前沿
该工程提供了对象池解决方案,该方案主要用于提高像文件句柄,数据库连接,socket通信这类大对象的调用效率。简单的说就是一种对象一次创建多次使用的技术。
整体结构
整个项目有三个包分别是org.apache.commons.pool2,org.apache.commons.pool2.impl和org.apache.commons.pool2.proxy。org.apache.commons.pool2主要定义整个项目要实现的接口;org.apache.commons.pool2.impl主要定义对接口的一般实现;org.apache.commons.pool2.proxy主要定义对接口的代理实现。
接下来我们看看整体的代码关系,如下类图
整个方案从ObjectPool,PooledObjectFactory和PooledObject三个接口展开,其中ObjectPool定义了对象池要实现的功能【比如怎么存取,怎么过期】;PooledObjectFactory定义了被池化的对象的创建,初始化,激活,钝化以及销毁功能;PooledObject定了一被池化对象的一些附加信息【创建时间,池中状态】;大概流程就是由PooledObjectFactory创建的对象经过PooledObject的包装然后放到ObjectPool里面来。
ObjectPool
//从池中获取对象
T borrowObject() throws Exception, NoSuchElementException,IllegalStateException;
//将对象放回池中
void returnObject(T obj) throws Exception;
//废弃对象
void invalidateObject(T obj) throws Exception;
//添加对象
void addObject() throws Exception, IllegalStateException,UnsupportedOperationException;
//获取对象个数
int getNumIdle();
//获取活跃对象个数
int getNumActive();
//清除池,池可用
void clear() throws Exception, UnsupportedOperationException;
//关闭池,池不可用
void close();
PooledObjectFactory
//创建一个新对象;当对象池中的对象个数不足时,将会使用此方法来"输出"一个新的"对象",并交付给对象池管理
PooledObject<T> makeObject() throws Exception;
//销毁对象,如果对象池中检测到某个"对象"idle的时间超时,或者操作者向对象池"归还对象"时检测到"对象"已经无效,那么此时将会导致"对象销毁";"销毁对象"的操作设计相差甚远,但是必须明确:当调用此方法时,"对象"的生命周期必须结束.如果object是线程,那么此时线程必须退出;如果object是socket操作,那么此时socket必须关闭;如果object是文件流操作,那么此时"数据flush"且正常关闭.

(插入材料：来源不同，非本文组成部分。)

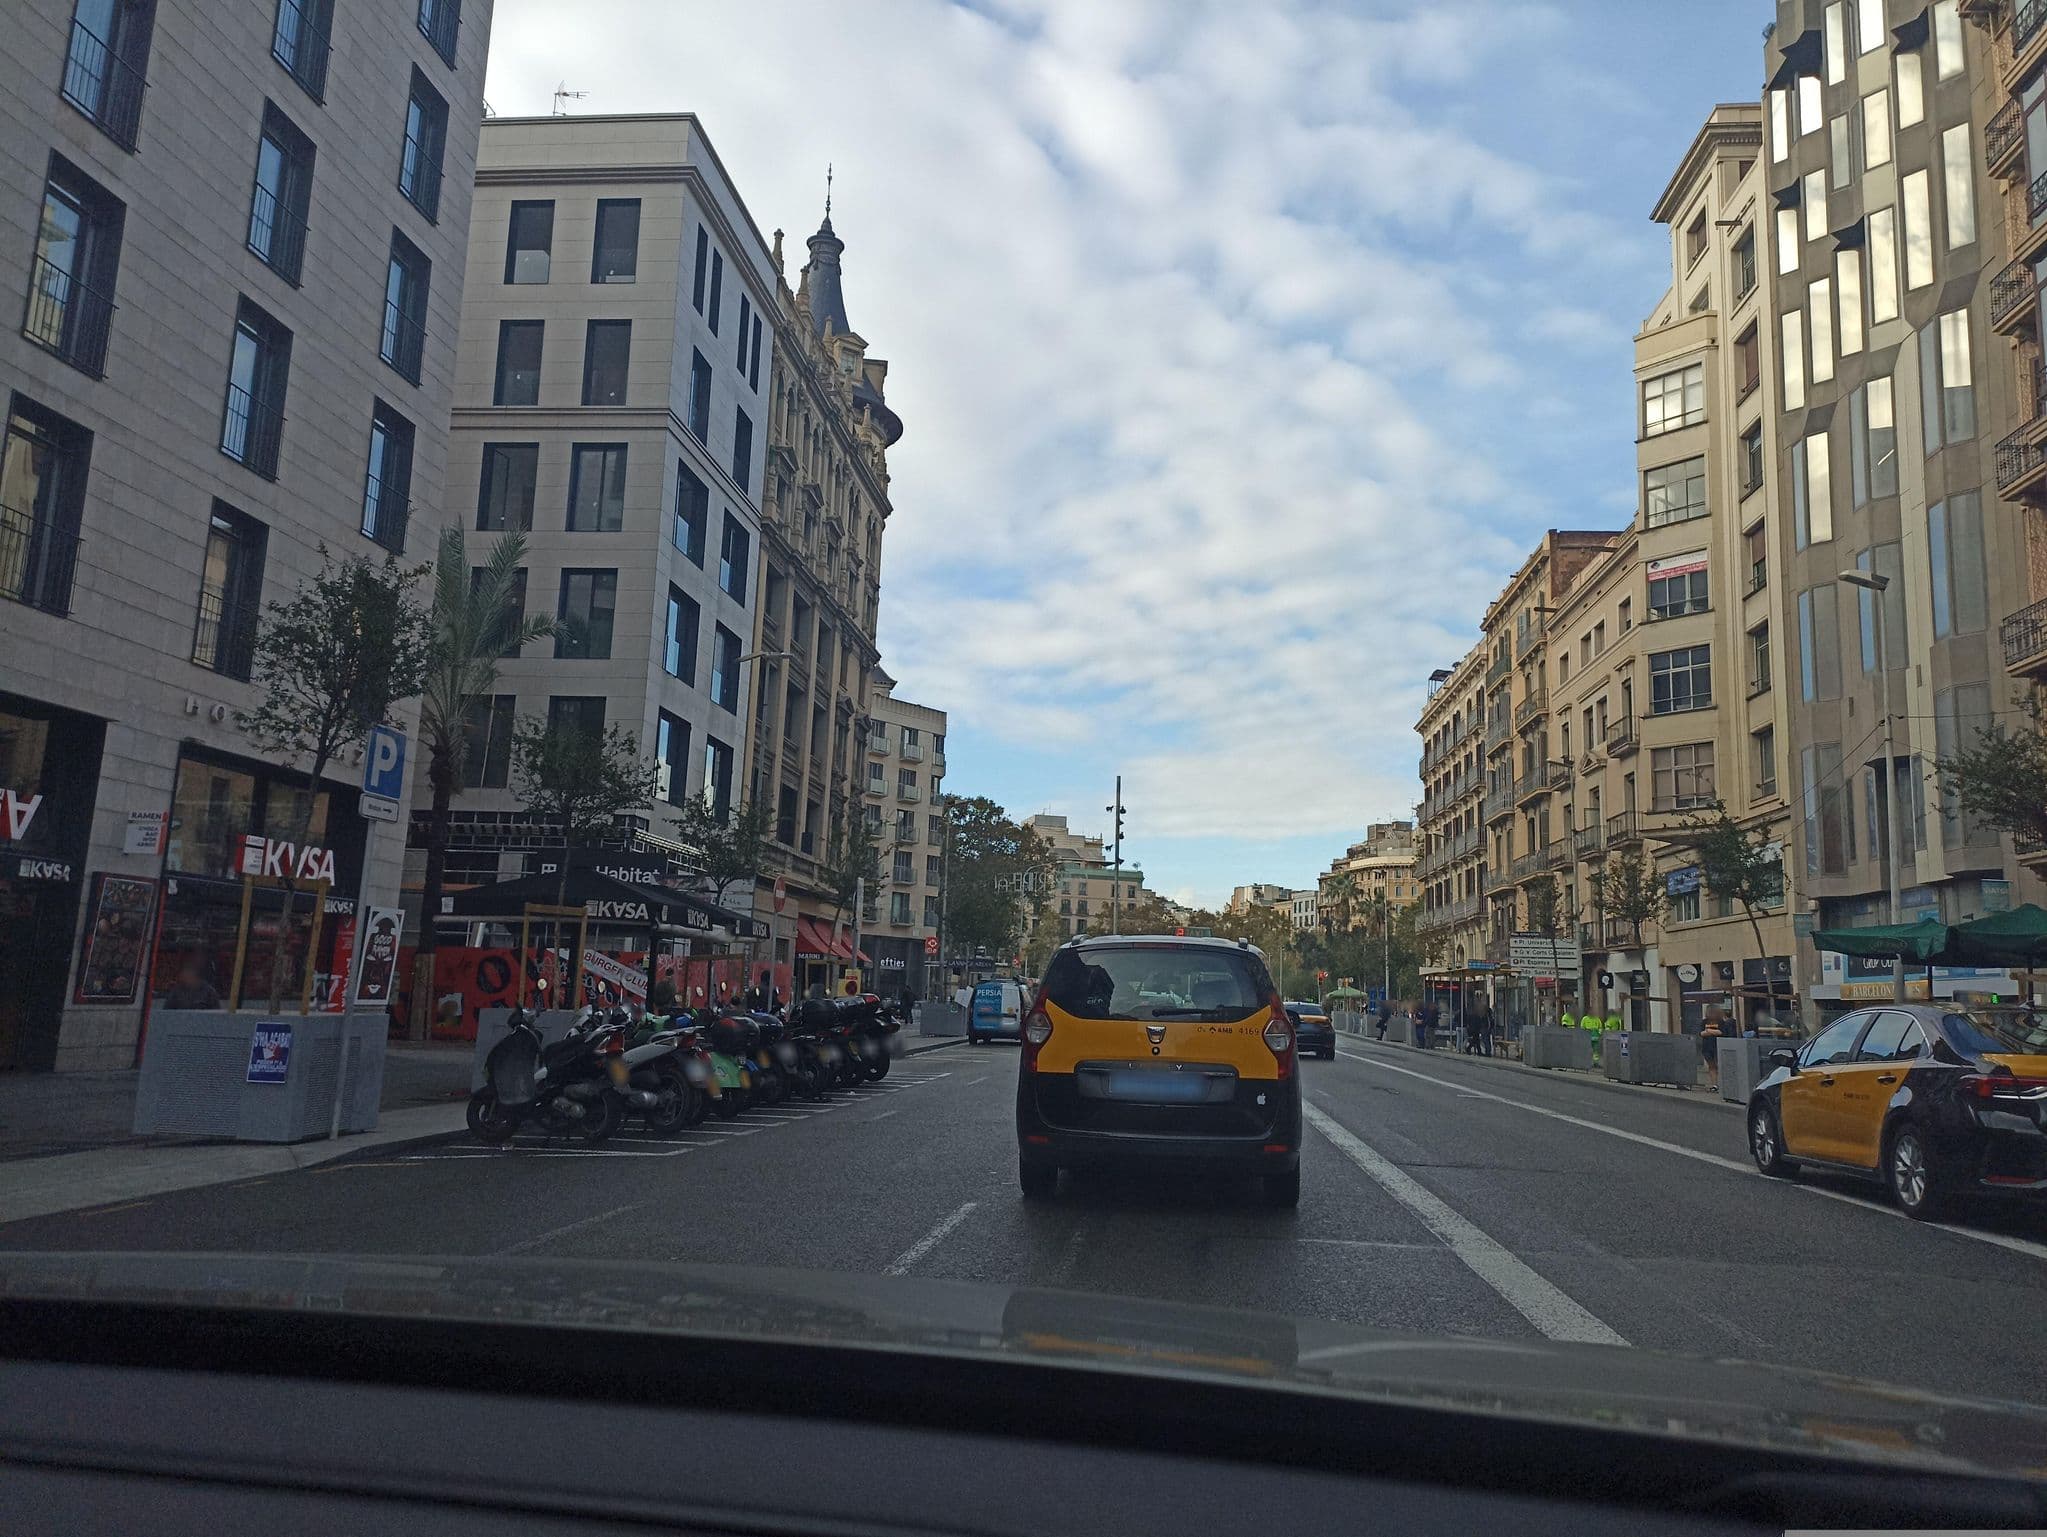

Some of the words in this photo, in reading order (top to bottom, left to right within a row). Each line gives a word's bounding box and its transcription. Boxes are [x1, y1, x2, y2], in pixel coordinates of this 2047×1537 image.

[371, 731, 398, 787] P
[131, 811, 162, 820] RAMEN
[595, 866, 660, 885] Habitat

void destroyObject(PooledObject<T> p) throws Exception;
//检测对象是否"有效";Pool中不能保存无效的"对象",因此"后台检测线程"会周期性的检测Pool中"对象"的有效性,如果对象无效则会导致此对象从Pool中移除,并destroy;此外在调用者从Pool获取一个"对象"时,也会检测"对象"的有效性,确保不能讲"无效"的对象输出给调用者;当调用者使用完毕将"对象归还"到Pool时,仍然会检测对象的有效性.所谓有效性,就是此"对象"的状态是否符合预期,是否可以对调用者直接使用;如果对象是Socket,那么它的有效性就是socket的通道是否畅通/阻塞是否超时等.
boolean validateObject(PooledObject<T> p);
// "激活"对象,当Pool中决定移除一个对象交付给调用者时额外的"激活"操作,比如可以在activateObject方法中"重置"参数列表让调用者使用时感觉像一个"新创建"的对象一样;如果object是一个线程,可以在"激活"操作中重置"线程中断标记",或者让线程从阻塞中唤醒等;如果object是一个socket,那么可以在"激活操作"中刷新通道,或者对socket进行链接重建(假如socket意外关闭)等.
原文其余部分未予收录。